Stored data:
-- Opening Marker --
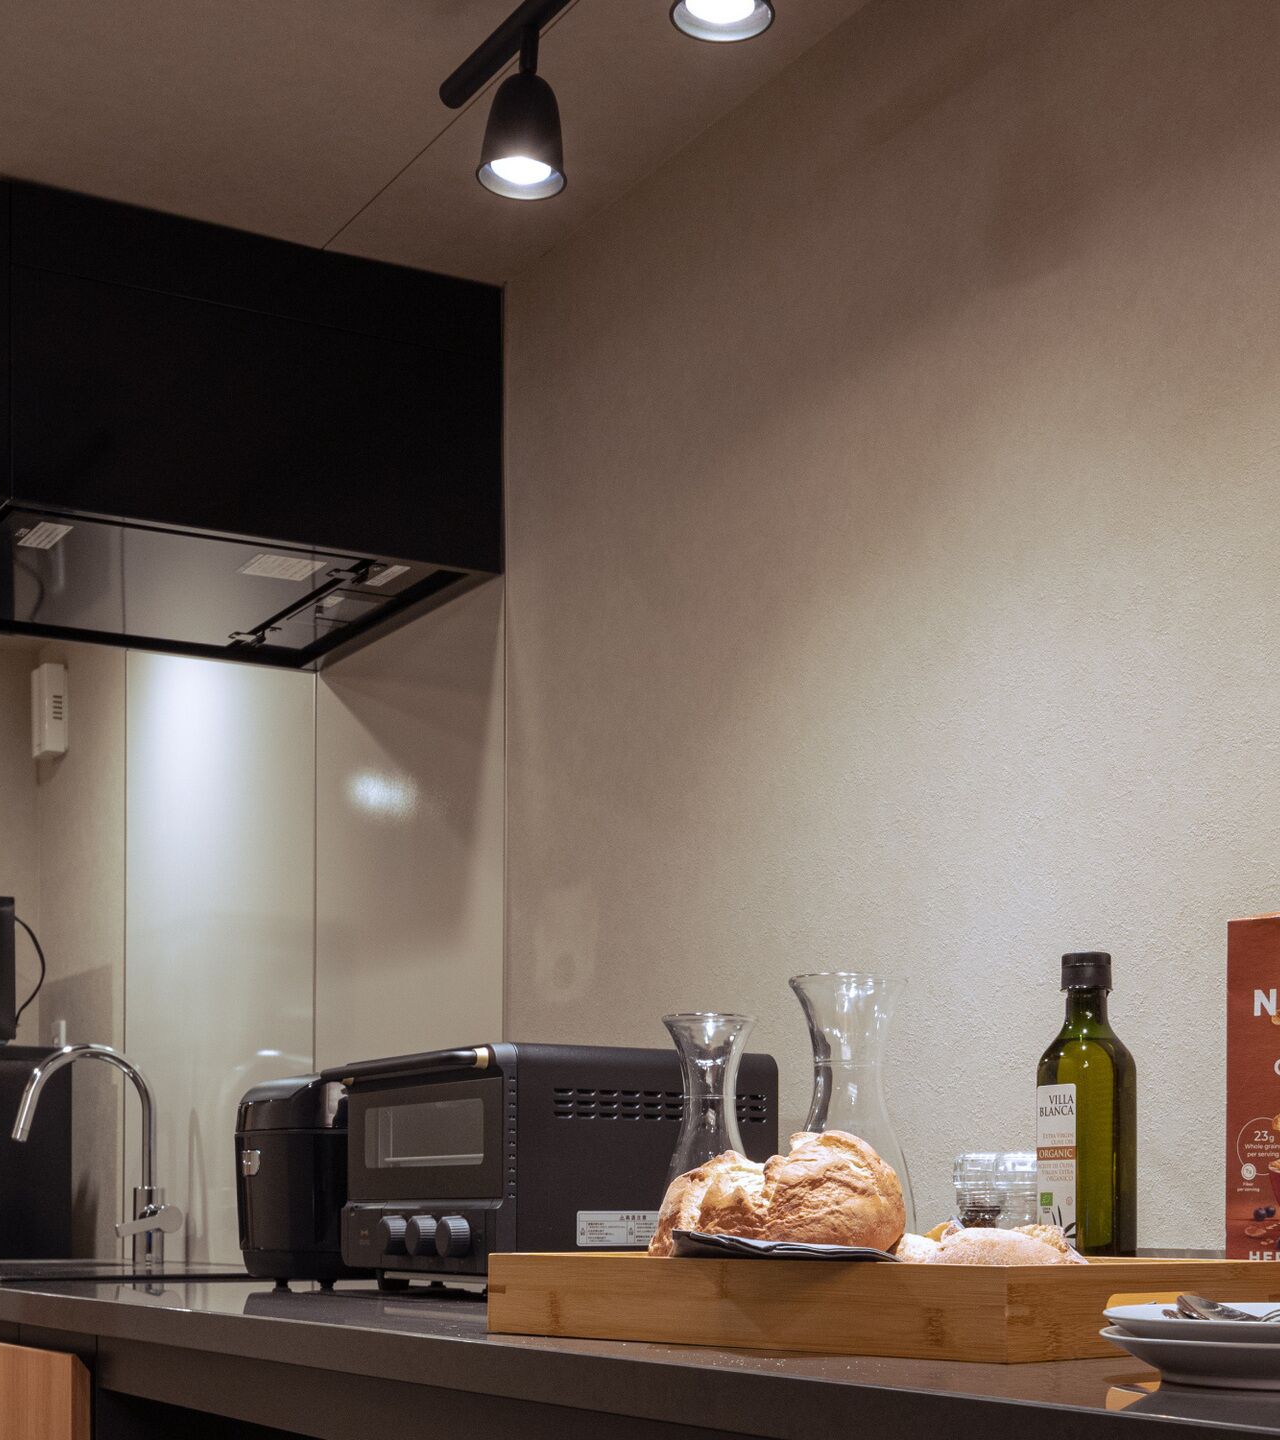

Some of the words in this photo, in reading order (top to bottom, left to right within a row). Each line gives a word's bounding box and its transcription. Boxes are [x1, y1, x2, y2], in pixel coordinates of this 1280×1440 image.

[1048, 1093, 1074, 1105] VILLA
[1039, 1105, 1074, 1118] BLANCA
[1039, 1148, 1073, 1159] ORGANIC
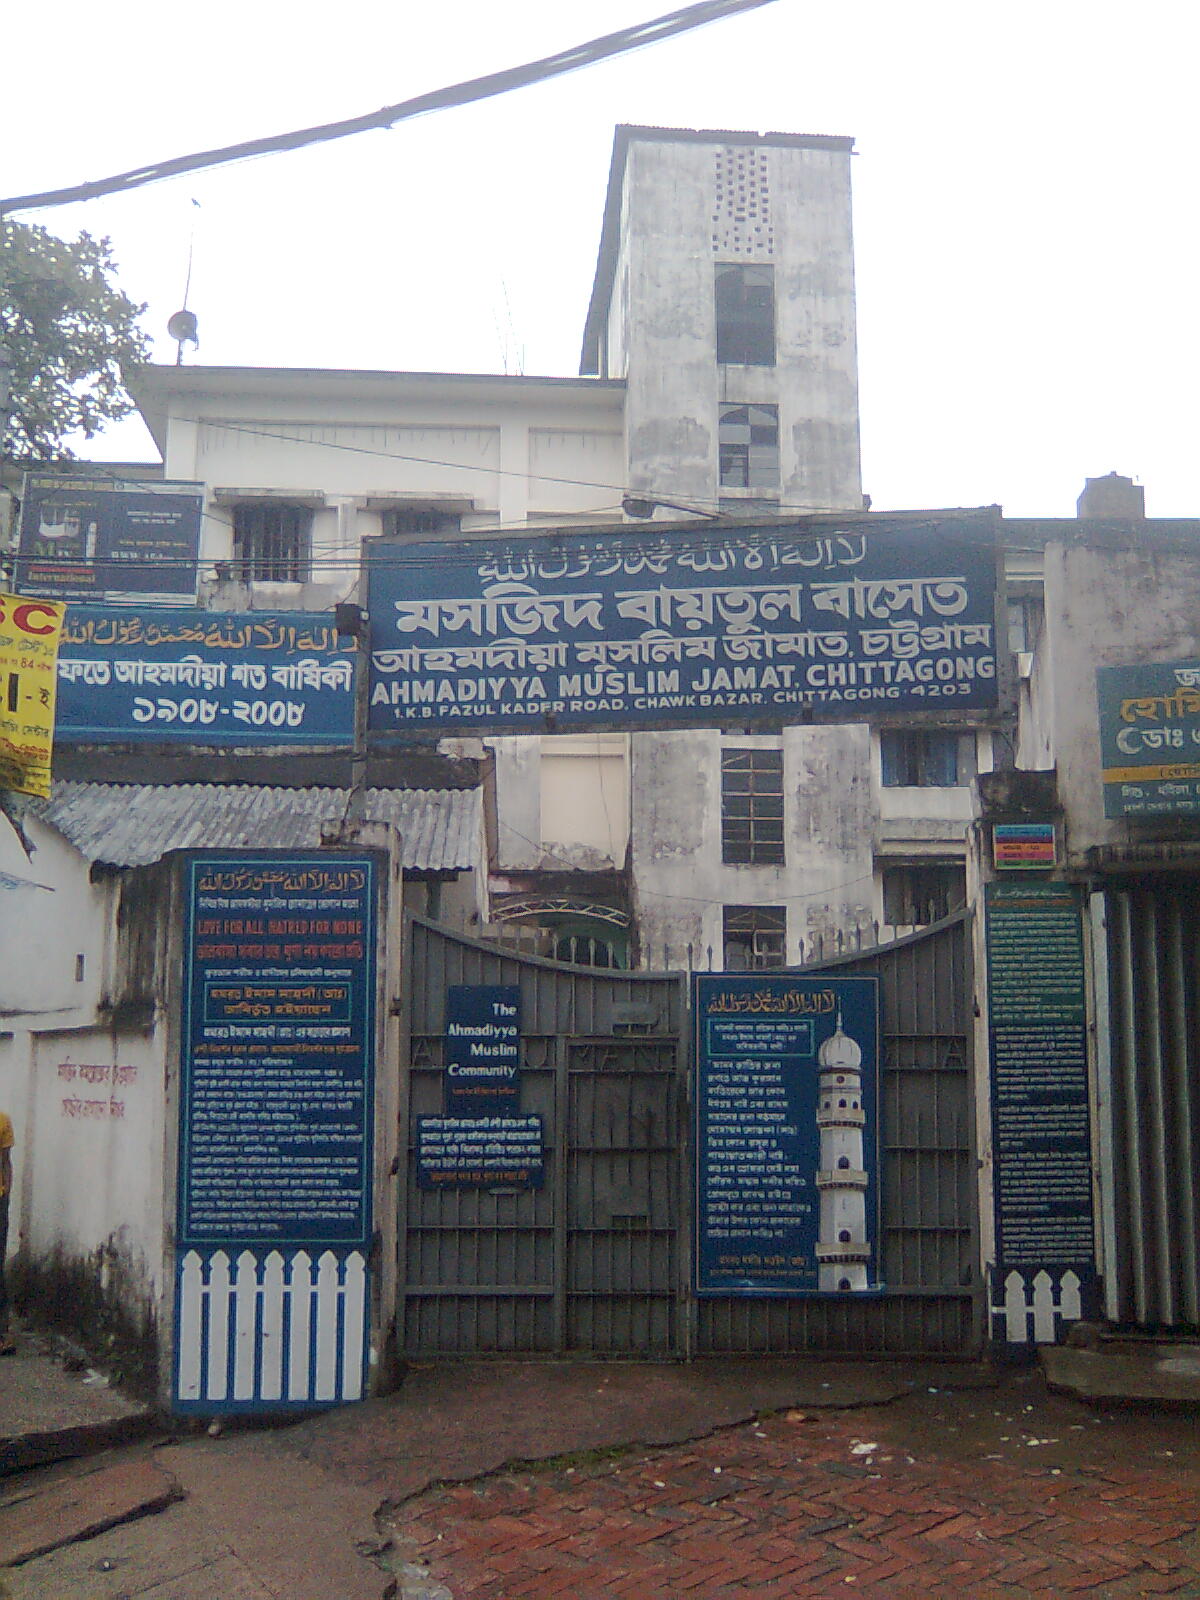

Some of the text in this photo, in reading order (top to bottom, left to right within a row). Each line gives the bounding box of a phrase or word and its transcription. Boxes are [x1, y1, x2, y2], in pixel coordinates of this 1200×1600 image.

[394, 576, 968, 637] মসজিদ বায়তুল বাসেত
[371, 637, 570, 673] আহমদীয়া
[574, 629, 717, 673] মুসলিম
[858, 620, 993, 659] চট্টগ্রাম
[114, 655, 228, 690] আহমদীয়া
[231, 663, 268, 690] শত
[371, 675, 547, 706] AHMADIYYA
[559, 669, 680, 698] MUSLIM
[806, 656, 995, 688] CHITTAGONG
[132, 697, 306, 727] ১৯০৮-২০০৮
[439, 704, 496, 717] FAZUL
[634, 694, 696, 710] CHAWK
[773, 687, 900, 704] CHITTAGONG
[910, 683, 972, 697] 4203
[224, 920, 244, 934] FOR
[246, 920, 265, 934] ALL
[309, 920, 330, 934] FOR
[492, 1003, 517, 1016] The
[448, 1023, 518, 1039] Ahmadiyya
[470, 1043, 518, 1057] Muslim
[448, 1063, 517, 1078] Community
-- Closing Marker --
> [TASK BRIEF] Copy out every entry above exactly. Leave the pictures out.

> [TASK SOLUTION]
Some of the words in this photo, in reading order (top to bottom, left to right within a row). Each line gives a word's bounding box and its transcription. Boxes are [x1, y1, x2, y2], in pixel coordinates of this 1280×1440 image.

[1048, 1093, 1074, 1105] VILLA
[1039, 1105, 1074, 1118] BLANCA
[1039, 1148, 1073, 1159] ORGANIC

Some of the text in this photo, in reading order (top to bottom, left to right within a row). Each line gives the bounding box of a phrase or word and its transcription. Boxes are [x1, y1, x2, y2], in pixel coordinates of this 1200×1600 image.

[394, 576, 968, 637] মসজিদ বায়তুল বাসেত
[371, 637, 570, 673] আহমদীয়া
[574, 629, 717, 673] মুসলিম
[858, 620, 993, 659] চট্টগ্রাম
[114, 655, 228, 690] আহমদীয়া
[231, 663, 268, 690] শত
[371, 675, 547, 706] AHMADIYYA
[559, 669, 680, 698] MUSLIM
[806, 656, 995, 688] CHITTAGONG
[132, 697, 306, 727] ১৯০৮-২০০৮
[439, 704, 496, 717] FAZUL
[634, 694, 696, 710] CHAWK
[773, 687, 900, 704] CHITTAGONG
[910, 683, 972, 697] 4203
[224, 920, 244, 934] FOR
[246, 920, 265, 934] ALL
[309, 920, 330, 934] FOR
[492, 1003, 517, 1016] The
[448, 1023, 518, 1039] Ahmadiyya
[470, 1043, 518, 1057] Muslim
[448, 1063, 517, 1078] Community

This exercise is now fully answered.